TASK STATEMENT:
Whatever appears in the records apart from pictures must be reproduced exactly.

EXERCISE MATERIAL:

Content starts

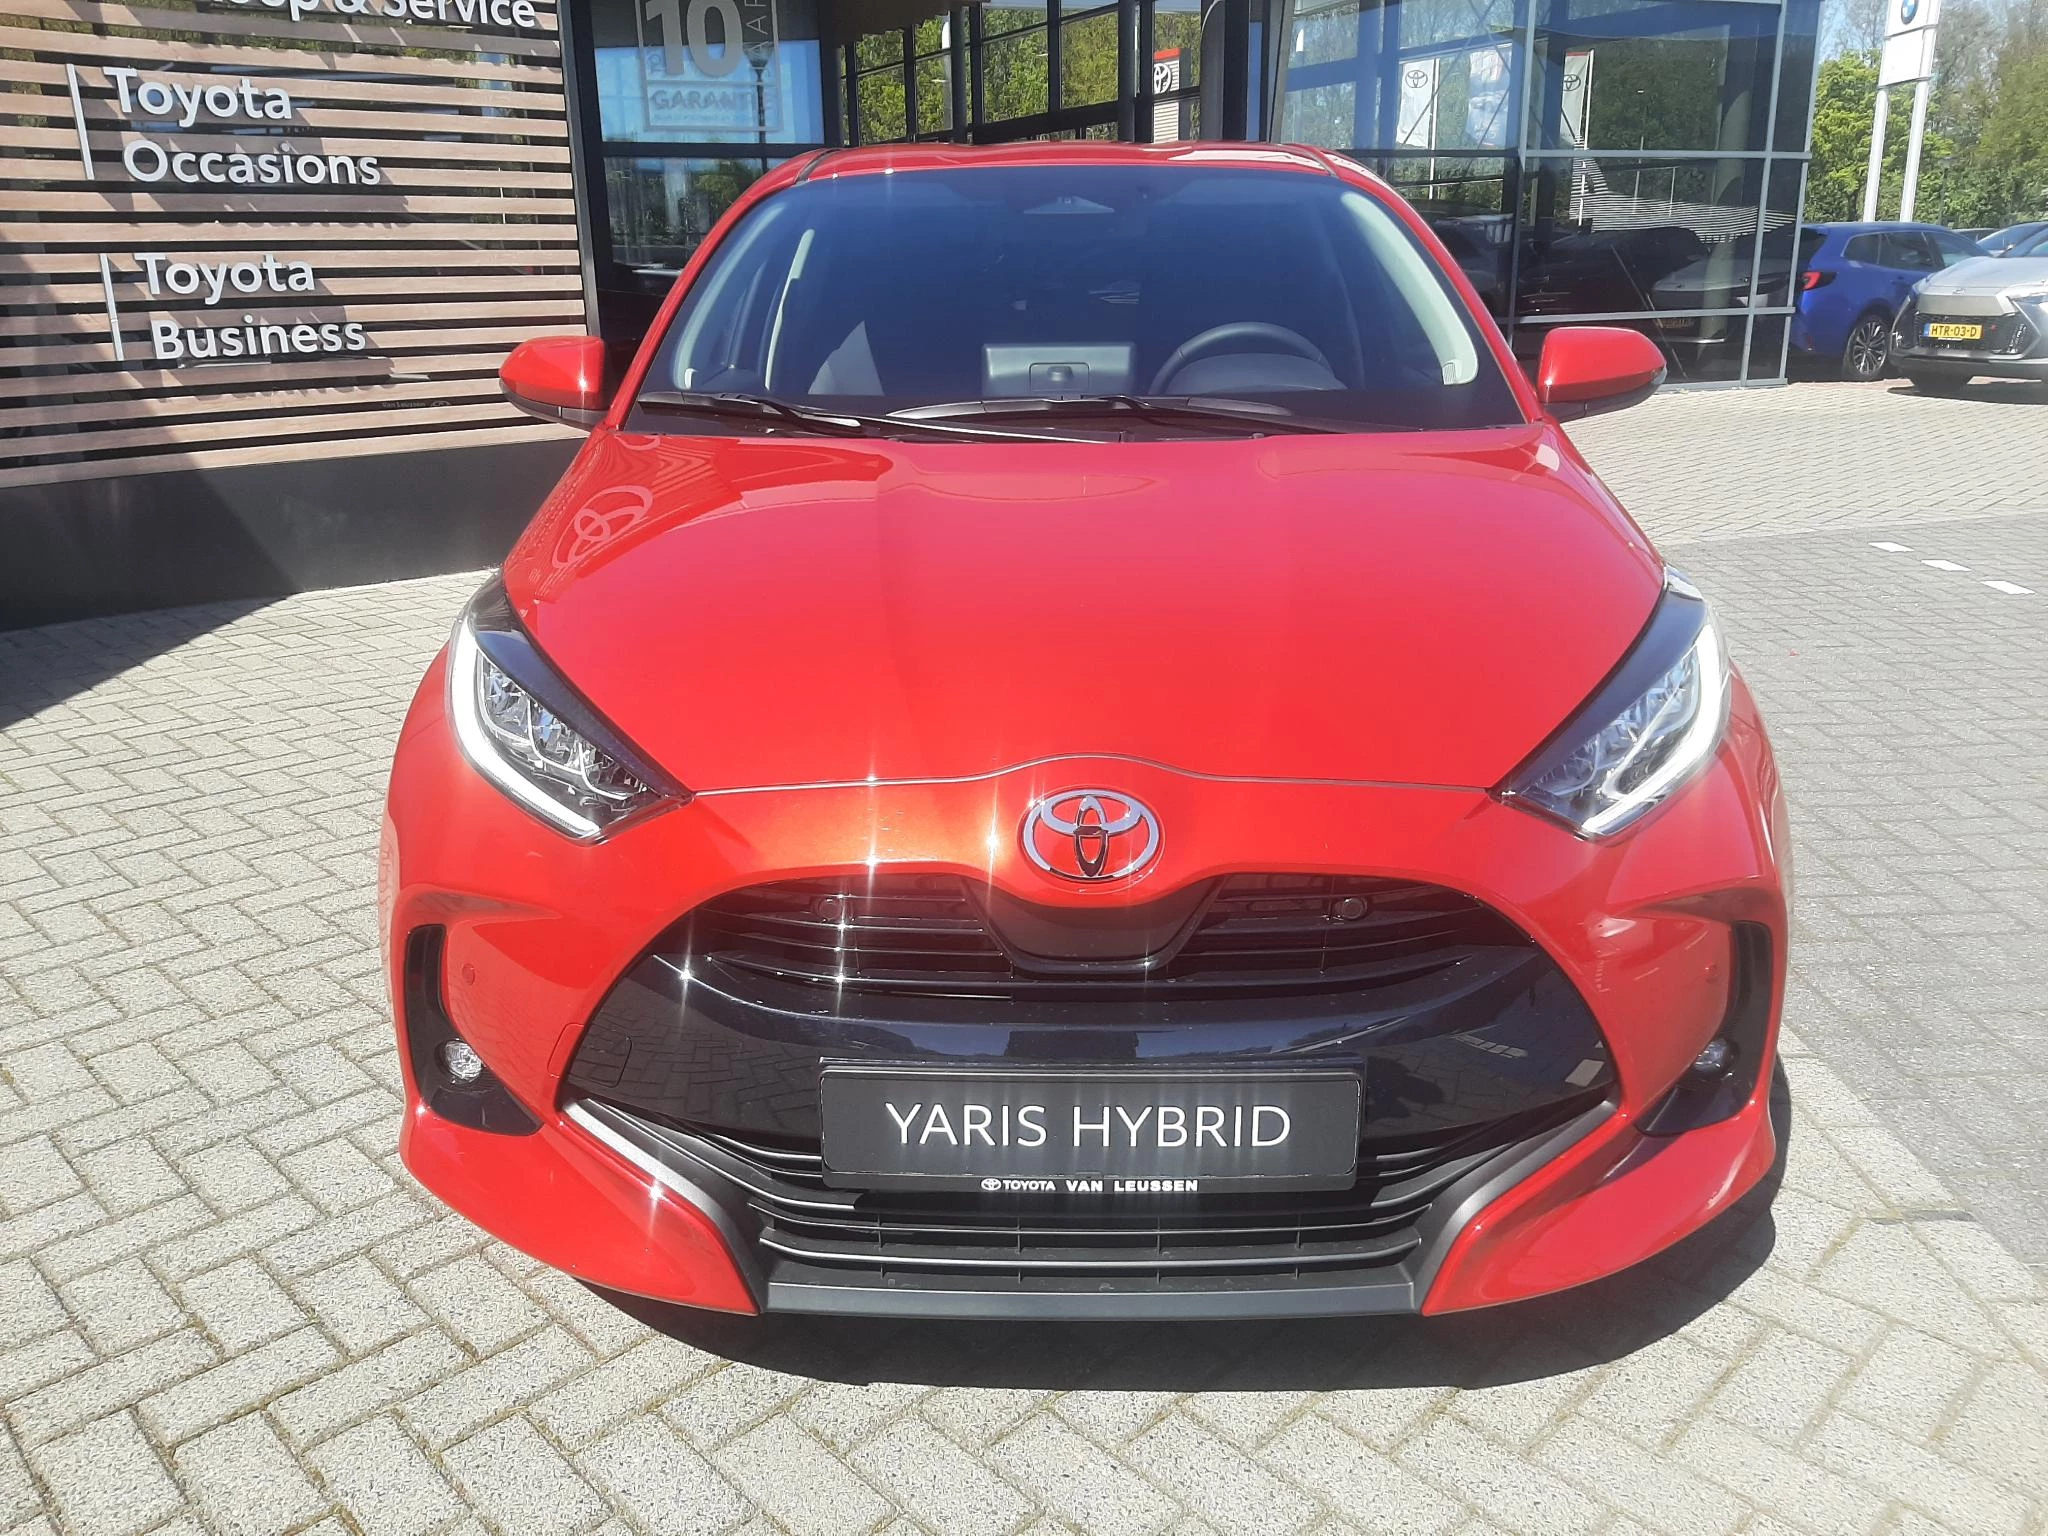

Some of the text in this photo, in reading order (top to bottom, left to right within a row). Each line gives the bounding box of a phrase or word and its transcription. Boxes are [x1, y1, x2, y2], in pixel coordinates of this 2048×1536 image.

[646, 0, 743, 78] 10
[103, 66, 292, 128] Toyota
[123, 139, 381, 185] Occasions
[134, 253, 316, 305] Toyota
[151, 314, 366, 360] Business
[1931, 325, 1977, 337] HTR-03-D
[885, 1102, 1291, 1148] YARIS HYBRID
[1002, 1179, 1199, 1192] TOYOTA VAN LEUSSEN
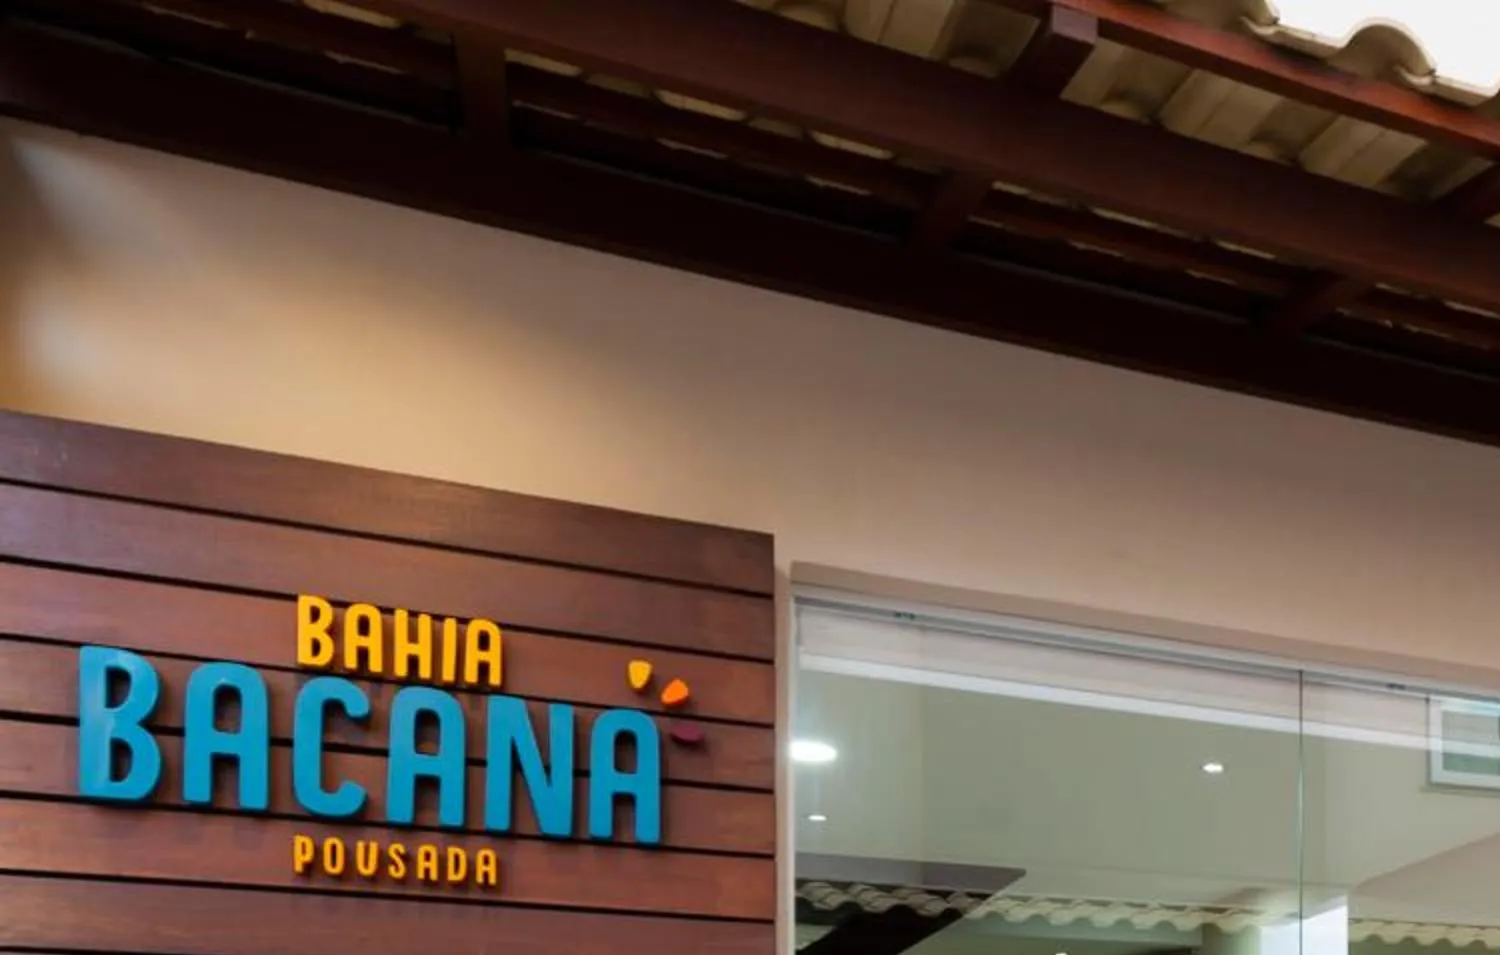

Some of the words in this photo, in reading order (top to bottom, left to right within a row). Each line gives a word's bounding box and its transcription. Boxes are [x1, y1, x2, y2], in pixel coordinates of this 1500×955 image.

Content ends

RESULT:
Some of the text in this photo, in reading order (top to bottom, left to right within a row). Each line gives the bounding box of a phrase or word and its transcription. Boxes are [x1, y1, x2, y2], in pixel coordinates of this 2048×1536 image.

[646, 0, 743, 78] 10
[103, 66, 292, 128] Toyota
[123, 139, 381, 185] Occasions
[134, 253, 316, 305] Toyota
[151, 314, 366, 360] Business
[1931, 325, 1977, 337] HTR-03-D
[885, 1102, 1291, 1148] YARIS HYBRID
[1002, 1179, 1199, 1192] TOYOTA VAN LEUSSEN

Some of the words in this photo, in reading order (top to bottom, left to right within a row). Each line gives a word's bounding box and its transcription. Boxes are [x1, y1, x2, y2], in pixel coordinates of this 1500×955 image.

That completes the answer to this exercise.